İsrail: Haziran 2025’teki İran kaynaklı füze saldırılarının ardından, orta seviyedeki savunma sistemlerindeki açıkları kapatmaya yönelik kapsamlı bir yenileme planı kapsamında AIM-120C-8’lere yatırım yapıyor.

ABD, İsrail’in askeri üstünlüğünü koruma politikası gereği, geleneksel olarak Arap ülkelerine gelişmiş füzeleri sınırlı vermişti.

Ancak İran tehdidinin boyutları, bu kısıtlamaların yeniden gözden geçirilmesini zorunlu kıldı.

Kara tabanlı ve savunma amaçlı kullanılan AIM-120C-8 füzeleri, hem İsrail’in güvenliğini koruyacak hem de Arap vekil güçlerin savunma kapasitesini artıracak şekilde denge sağlıyor.

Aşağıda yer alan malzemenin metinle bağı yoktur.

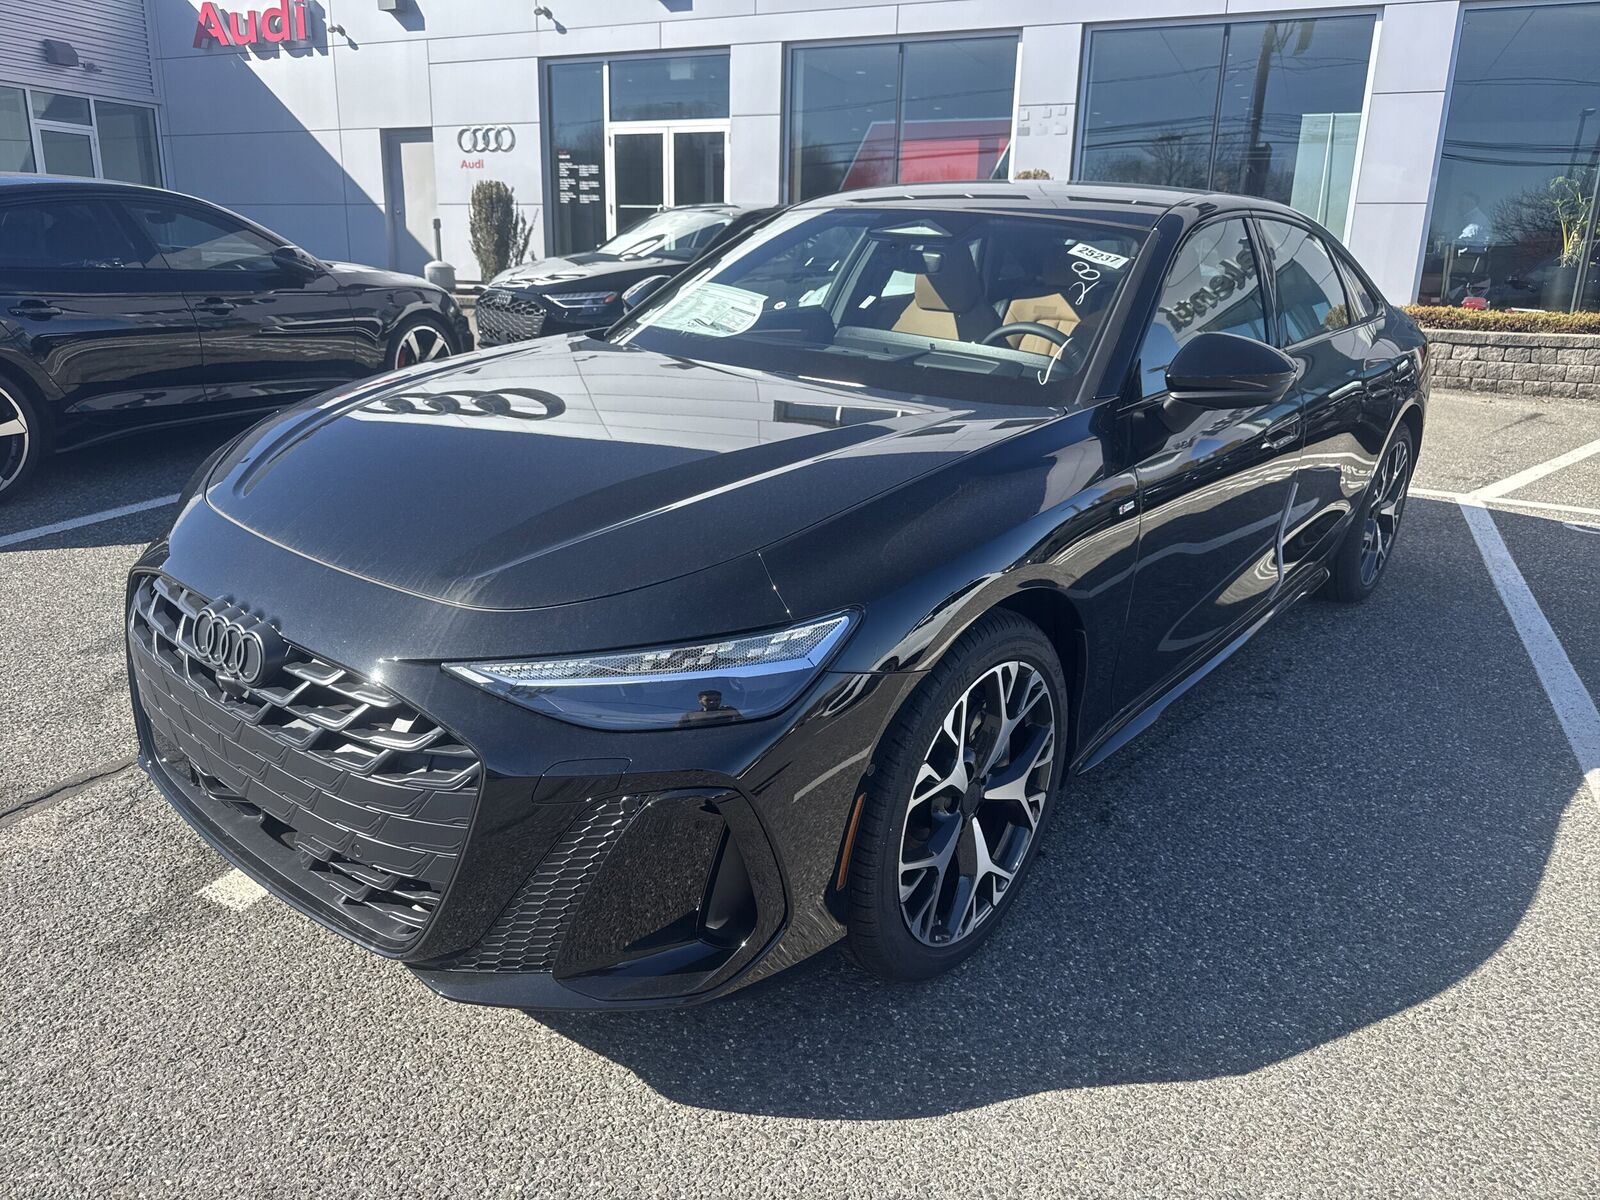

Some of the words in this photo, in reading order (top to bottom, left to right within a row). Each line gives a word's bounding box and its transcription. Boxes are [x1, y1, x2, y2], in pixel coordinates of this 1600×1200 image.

AIM-120C-8 AMRAAM füzesi, çift yönlü veri bağlantısı sayesinde uçuş sırasında hedef bilgisini güncelleyebiliyor ve “at ve unut” özelliği ile fırlatıldıktan sonra kendi kendine hedefe yöneliyor.

NASAMS sistemi aracılığıyla kullanılan bu füzeler, seyir füzeleri, insansız hava araçları ve düşük radar kesitli hava hedeflerine karşı orta katmanda savunma sağlıyor.

İsrail açısından bu sistemler; esneklik, ağ entegrasyonu ve mevcut tehditlere karşı etkinlik gibi önemli avantajlar sunarken, tedarik kolaylığı ile de dikkat çekiyor.

Bununla birlikte sistemin yüksek maliyeti, yoğun kullanım sonucu stok tükenmesi riski, menzil kısıtları ve eş zamanlı saldırı dalgalarına karşı savunmasızlığı gibi zorluklar bulunuyor.

AIM-120C-8 teslimatları, sadece bir savunma cephaneliği güncellemesi değil, ABD’nin bölgesel güvenlik mimarisinde yeni bir döneme işaret ediyor.

Bölgesel savunmanın coğrafi ve işlevsel olarak dağıtılması, vekillerin otonom savunma yeteneklerinin artırılması ve İran’a karşı ortak caydırıcılık hedefi doğrultusunda atılmış stratejik bir adım olarak değerlendiriliyor.

Ancak, bölgedeki karmaşık tehdit ortamı ve teknolojik sınırlamalar nedeniyle, bu sistemler geçici bir çözüm olarak kalabilir ve gelecekte daha kapsamlı dönüşümlerin gerekliliği kaçınılmaz görünüyor.